··· Data supplied ···
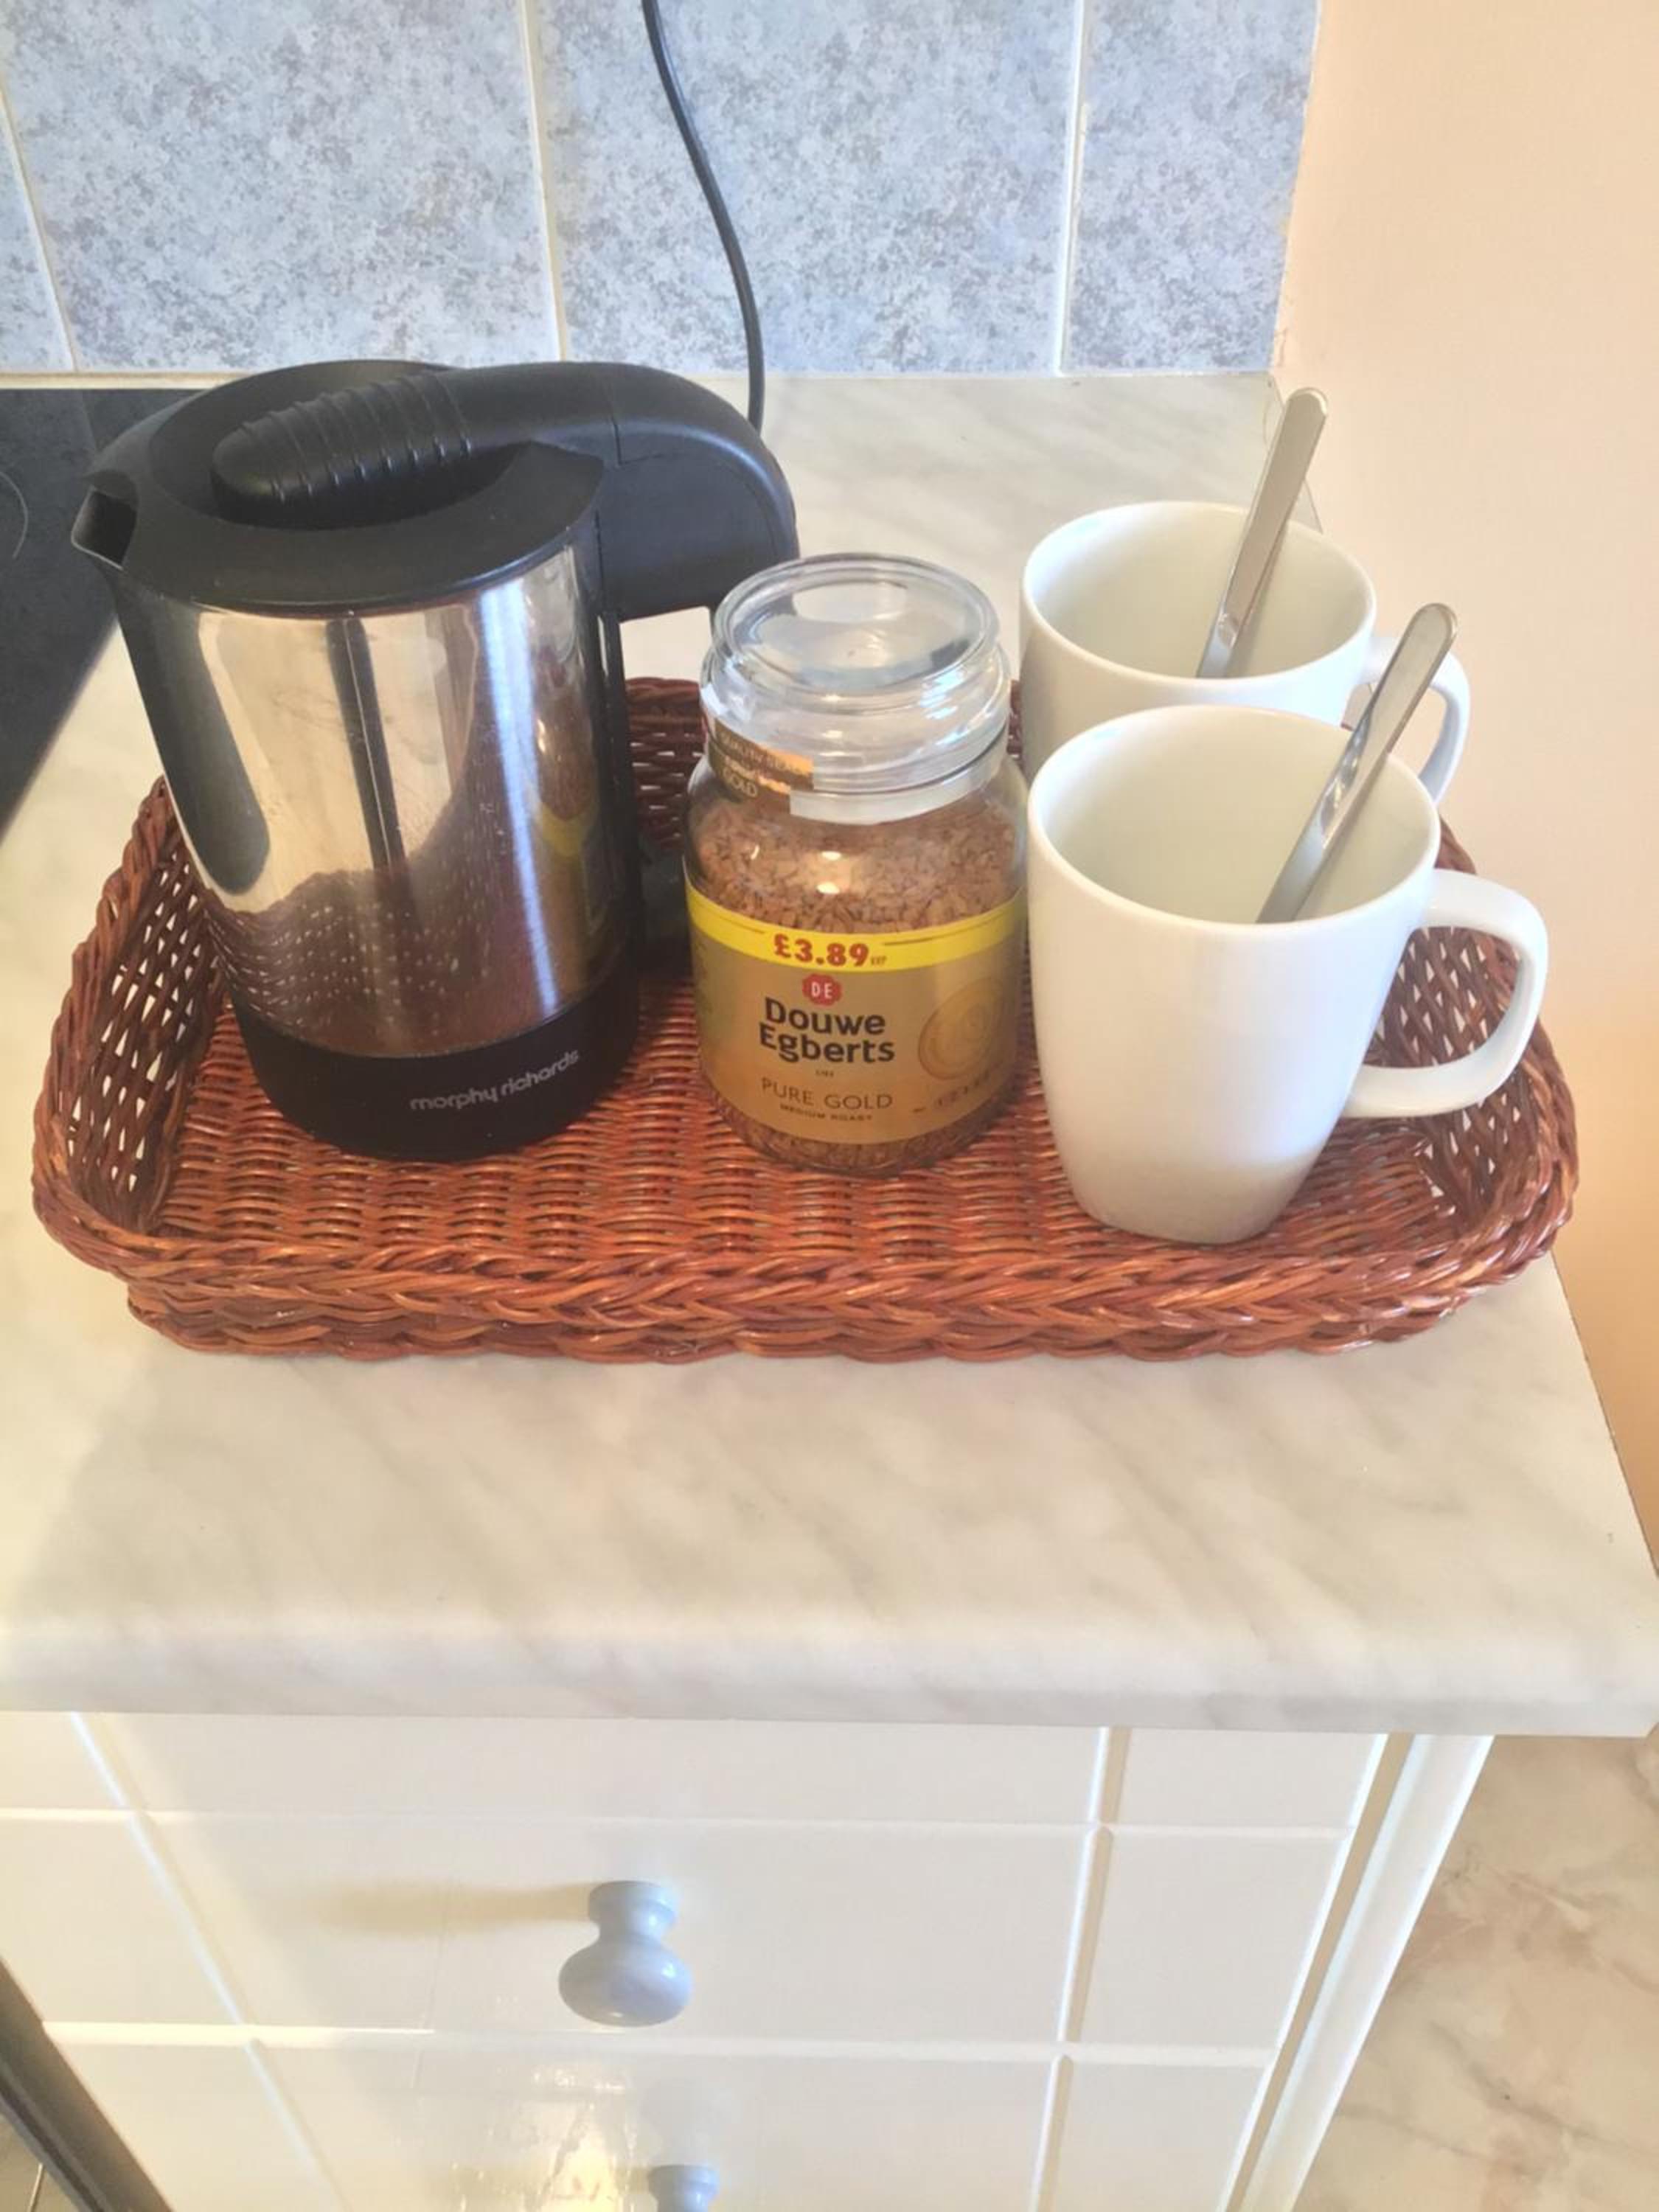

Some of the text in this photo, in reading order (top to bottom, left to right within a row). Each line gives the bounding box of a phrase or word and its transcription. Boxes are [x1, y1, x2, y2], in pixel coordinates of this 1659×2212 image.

[774, 933, 869, 967] £3.89
[811, 981, 833, 999] DE
[765, 997, 886, 1035] Douwe
[759, 1023, 895, 1062] Egberts
[410, 1050, 579, 1110] morphy richards
[762, 1077, 893, 1109] PURE GOLD
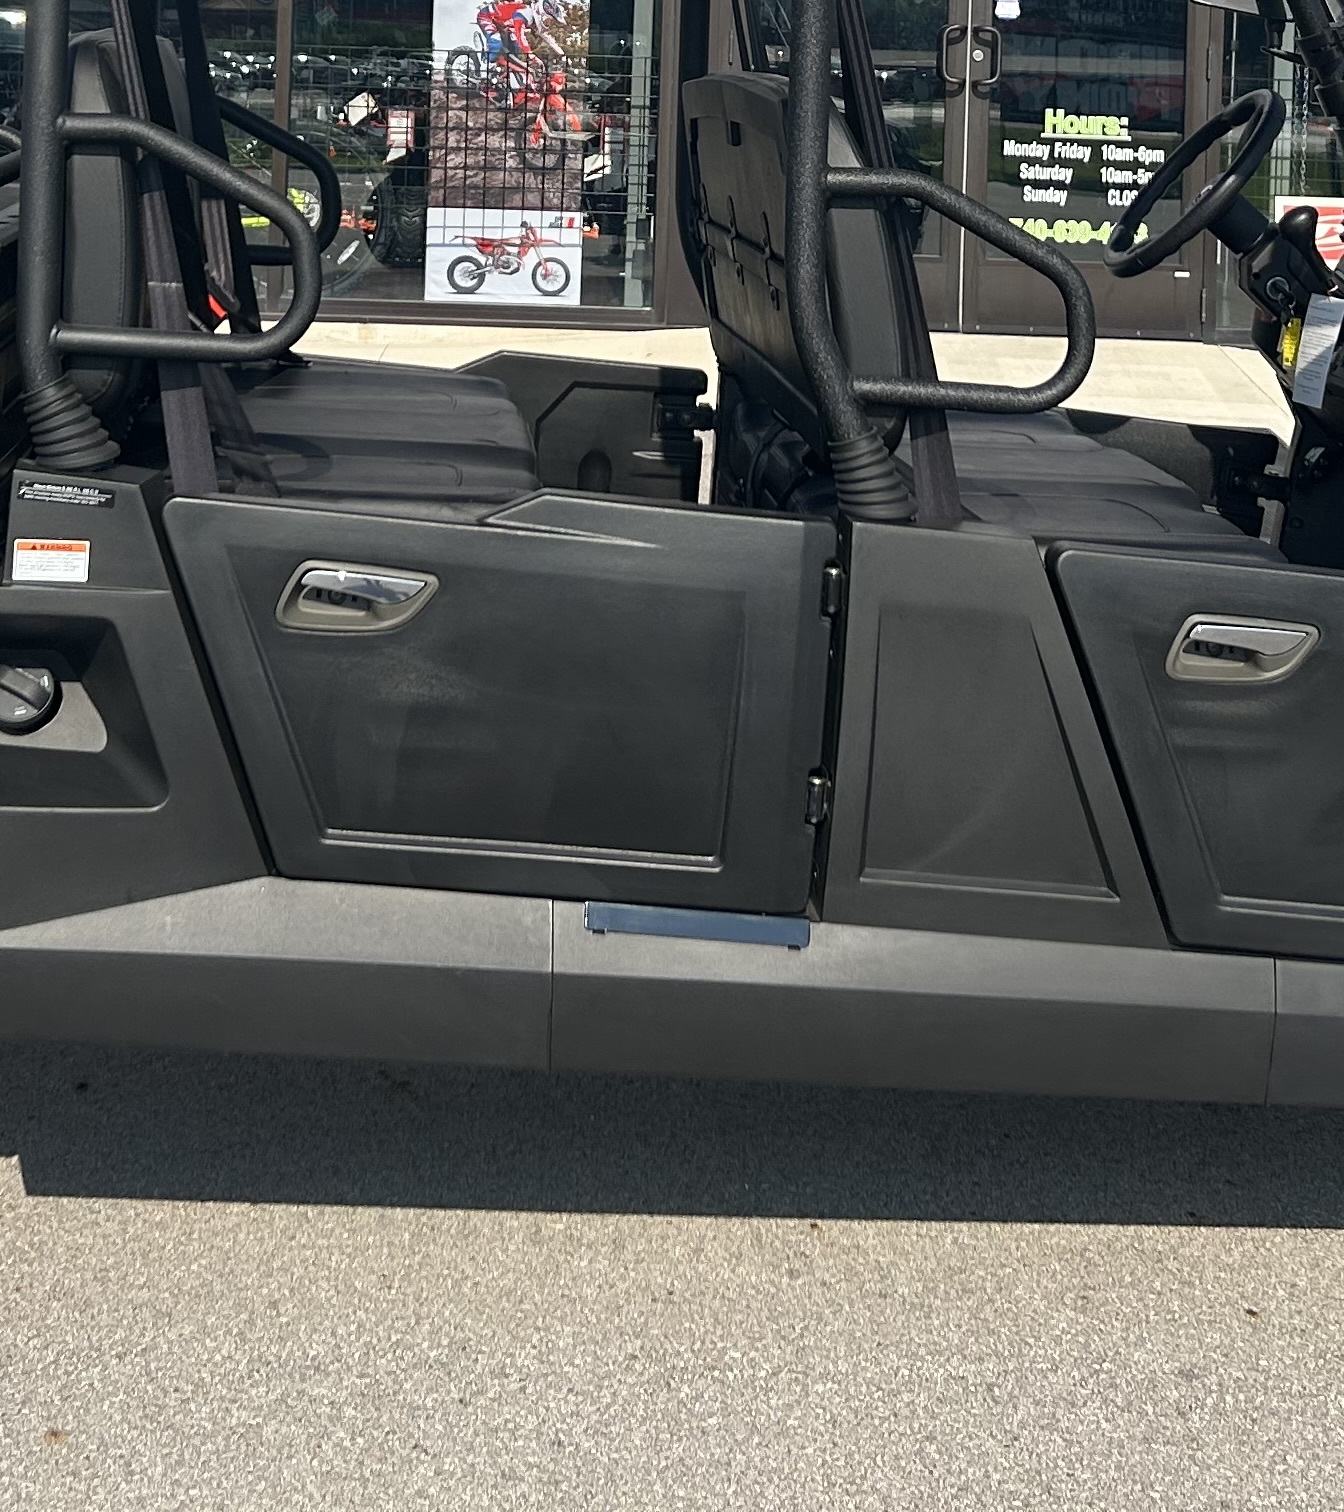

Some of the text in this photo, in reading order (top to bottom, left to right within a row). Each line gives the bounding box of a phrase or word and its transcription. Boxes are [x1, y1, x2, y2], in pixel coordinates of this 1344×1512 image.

[1044, 108, 1129, 137] Hours:
[1003, 139, 1165, 166] Monday Friday 10am-6pm
[1019, 162, 1074, 185] Saturday
[1023, 185, 1068, 207] Sunday
···
Write the entries above out in full, exactly, with no images.

Some of the text in this photo, in reading order (top to bottom, left to right within a row). Each line gives the bounding box of a phrase or word and its transcription. Boxes are [x1, y1, x2, y2], in pixel coordinates of this 1659×2212 image.

[774, 933, 869, 967] £3.89
[811, 981, 833, 999] DE
[765, 997, 886, 1035] Douwe
[759, 1023, 895, 1062] Egberts
[410, 1050, 579, 1110] morphy richards
[762, 1077, 893, 1109] PURE GOLD

Some of the text in this photo, in reading order (top to bottom, left to right within a row). Each line gives the bounding box of a phrase or word and its transcription. Boxes are [x1, y1, x2, y2], in pixel coordinates of this 1344×1512 image.

[1044, 108, 1129, 137] Hours:
[1003, 139, 1165, 166] Monday Friday 10am-6pm
[1019, 162, 1074, 185] Saturday
[1023, 185, 1068, 207] Sunday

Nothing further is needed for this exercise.